Records from a dataset

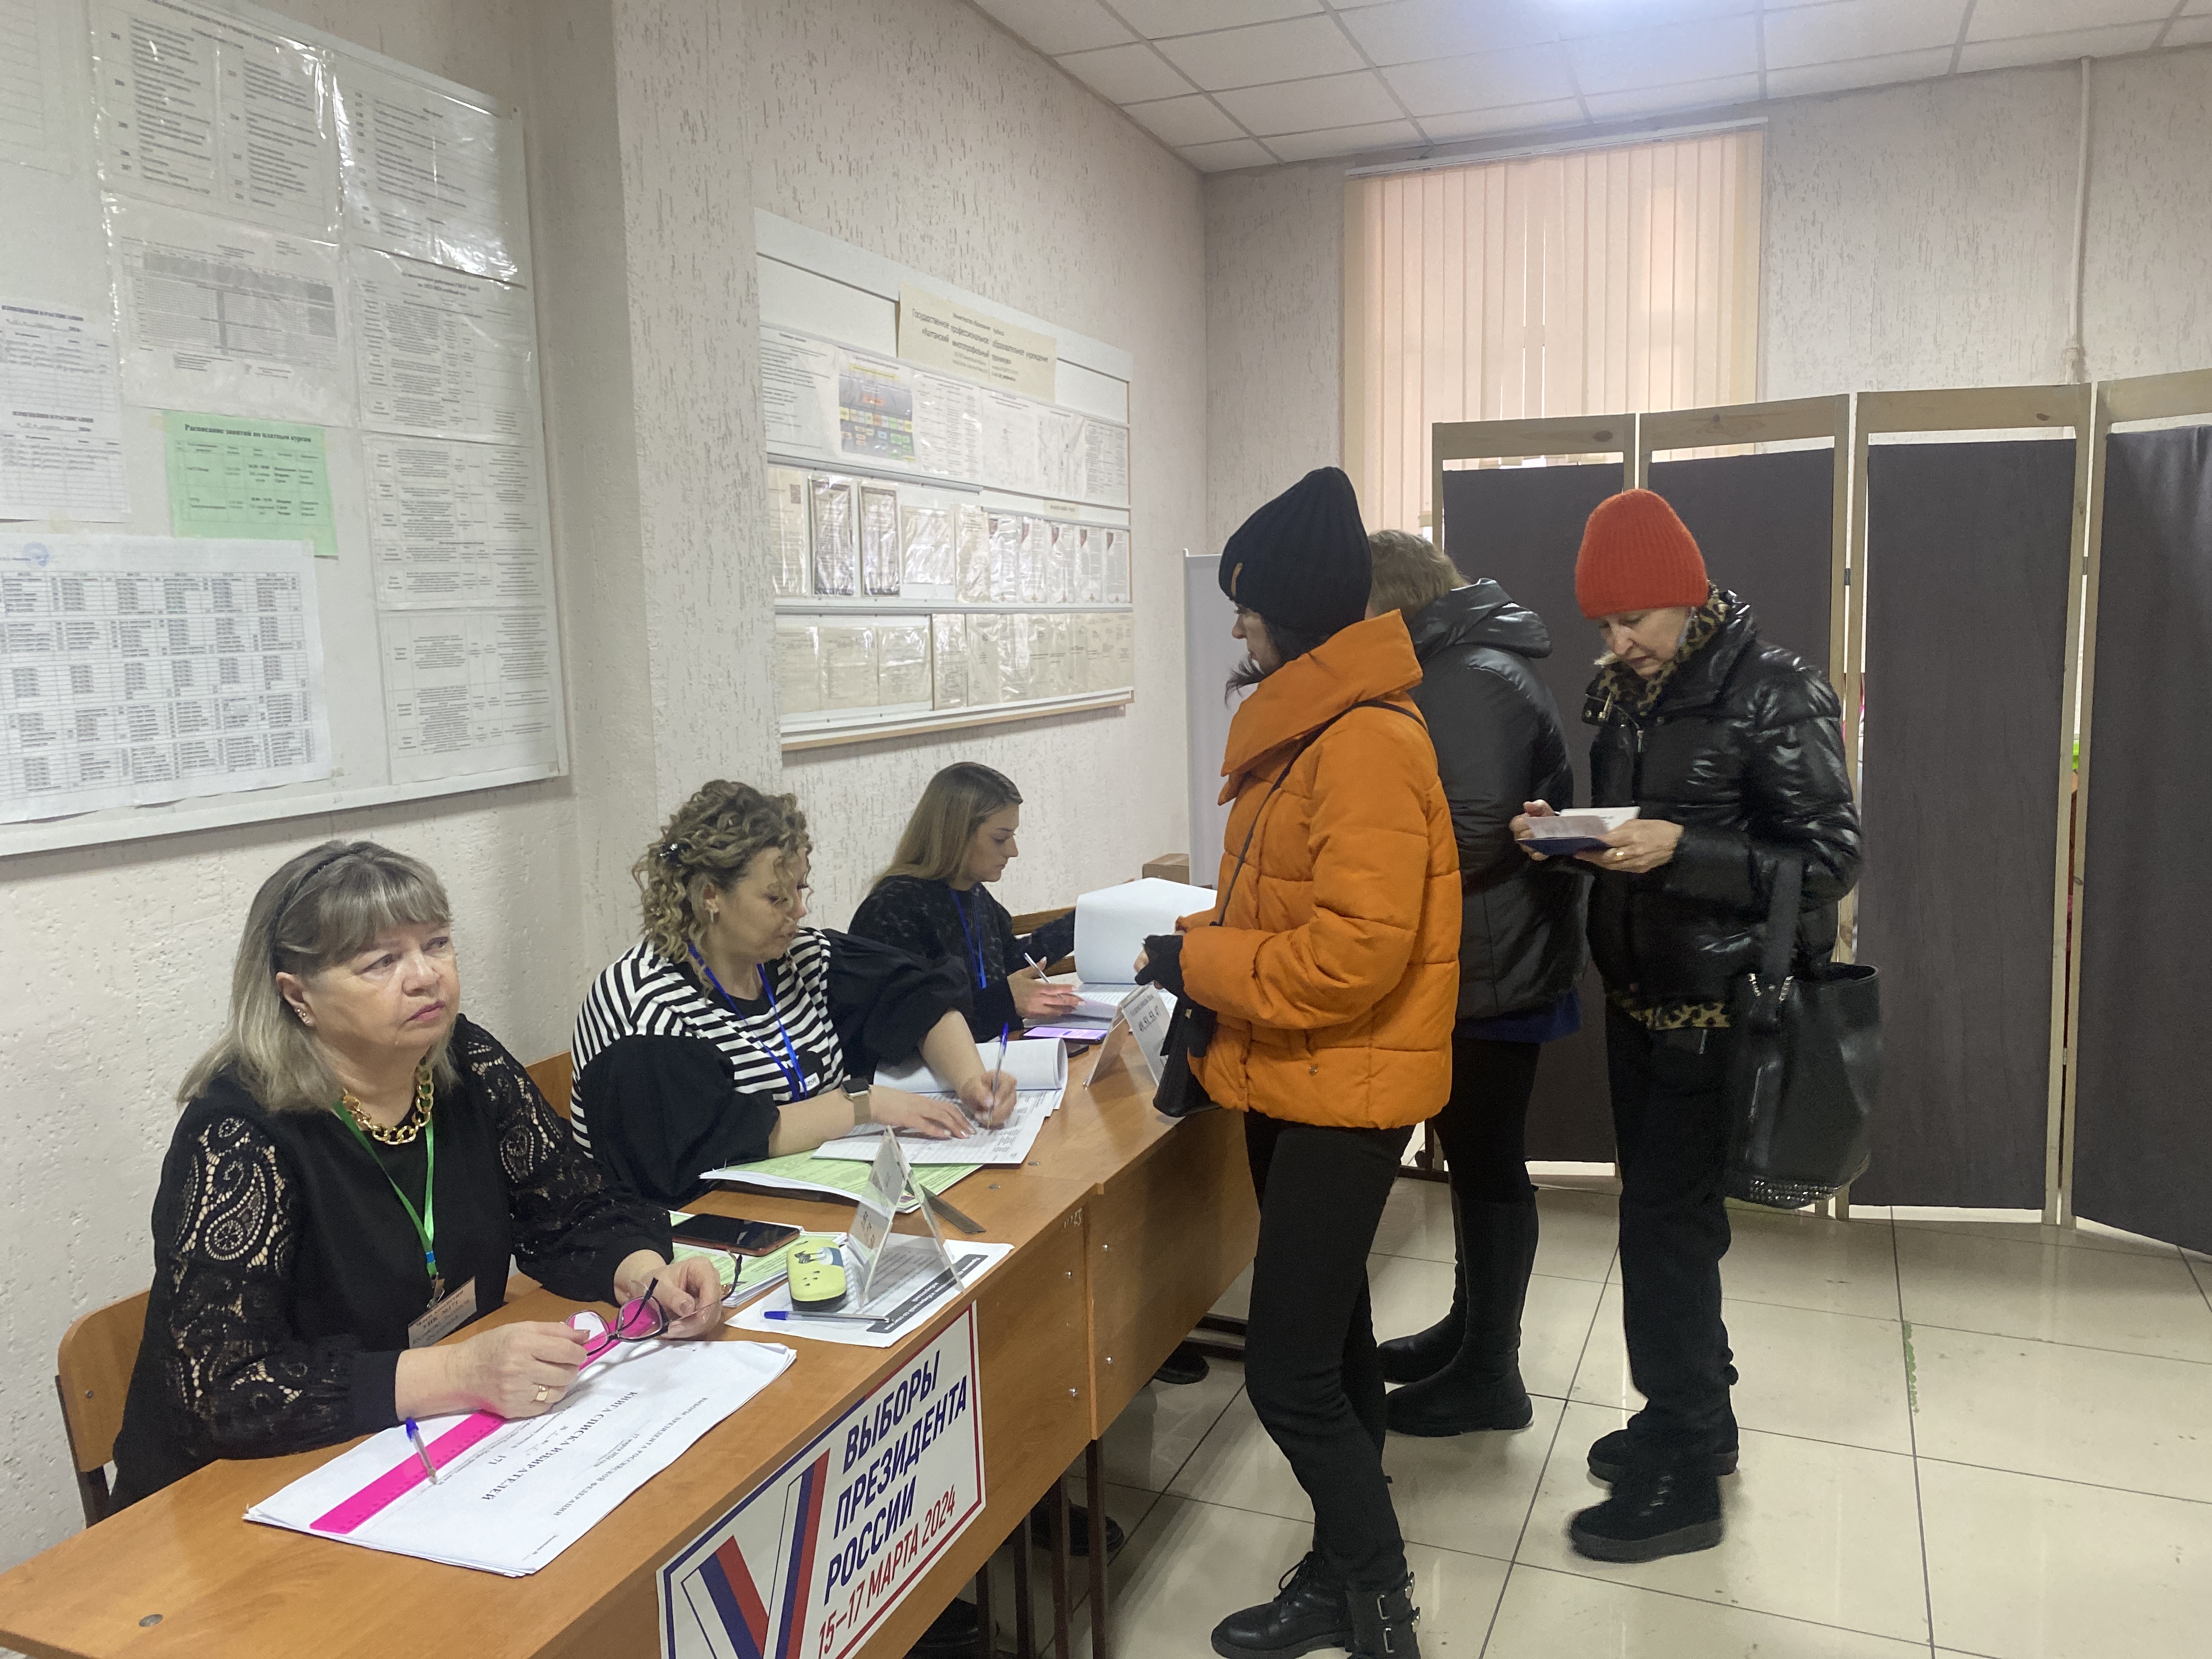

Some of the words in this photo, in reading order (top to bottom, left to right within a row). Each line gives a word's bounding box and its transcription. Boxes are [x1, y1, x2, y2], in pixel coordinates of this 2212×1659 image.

[184, 424, 224, 434] Расписание
[601, 1391, 637, 1413] КНИГА
[681, 1397, 709, 1415] ВЫБОРЫ
[842, 1351, 940, 1472] ВЫБОРЫ
[556, 1414, 607, 1446] СПИСКА
[612, 1438, 634, 1452] марта
[638, 1417, 684, 1448] ПРЕЗИДЕНТА
[487, 1455, 508, 1465] 171
[596, 1450, 644, 1482] РОССИЙСКОЙ
[603, 1451, 620, 1460] 2024
[833, 1376, 967, 1538] ПРЕЗИДЕНТА
[479, 1447, 563, 1500] ИЗБИРАТЕЛЕЙ
[552, 1482, 600, 1516] ФЕДЕРАЦИИ
[825, 1476, 916, 1604] РОССИИ
[867, 1528, 919, 1606] МАРТА
[921, 1485, 956, 1549] 2024

Work required: Please repeat the data verbatim and leave the pictures out of your copy.

Written solution:
Some of the words in this photo, in reading order (top to bottom, left to right within a row). Each line gives a word's bounding box and its transcription. Boxes are [x1, y1, x2, y2], in pixel coordinates of this 2212×1659 image.

[184, 424, 224, 434] Расписание
[601, 1391, 637, 1413] КНИГА
[681, 1397, 709, 1415] ВЫБОРЫ
[842, 1351, 940, 1472] ВЫБОРЫ
[556, 1414, 607, 1446] СПИСКА
[612, 1438, 634, 1452] марта
[638, 1417, 684, 1448] ПРЕЗИДЕНТА
[487, 1455, 508, 1465] 171
[596, 1450, 644, 1482] РОССИЙСКОЙ
[603, 1451, 620, 1460] 2024
[833, 1376, 967, 1538] ПРЕЗИДЕНТА
[479, 1447, 563, 1500] ИЗБИРАТЕЛЕЙ
[552, 1482, 600, 1516] ФЕДЕРАЦИИ
[825, 1476, 916, 1604] РОССИИ
[867, 1528, 919, 1606] МАРТА
[921, 1485, 956, 1549] 2024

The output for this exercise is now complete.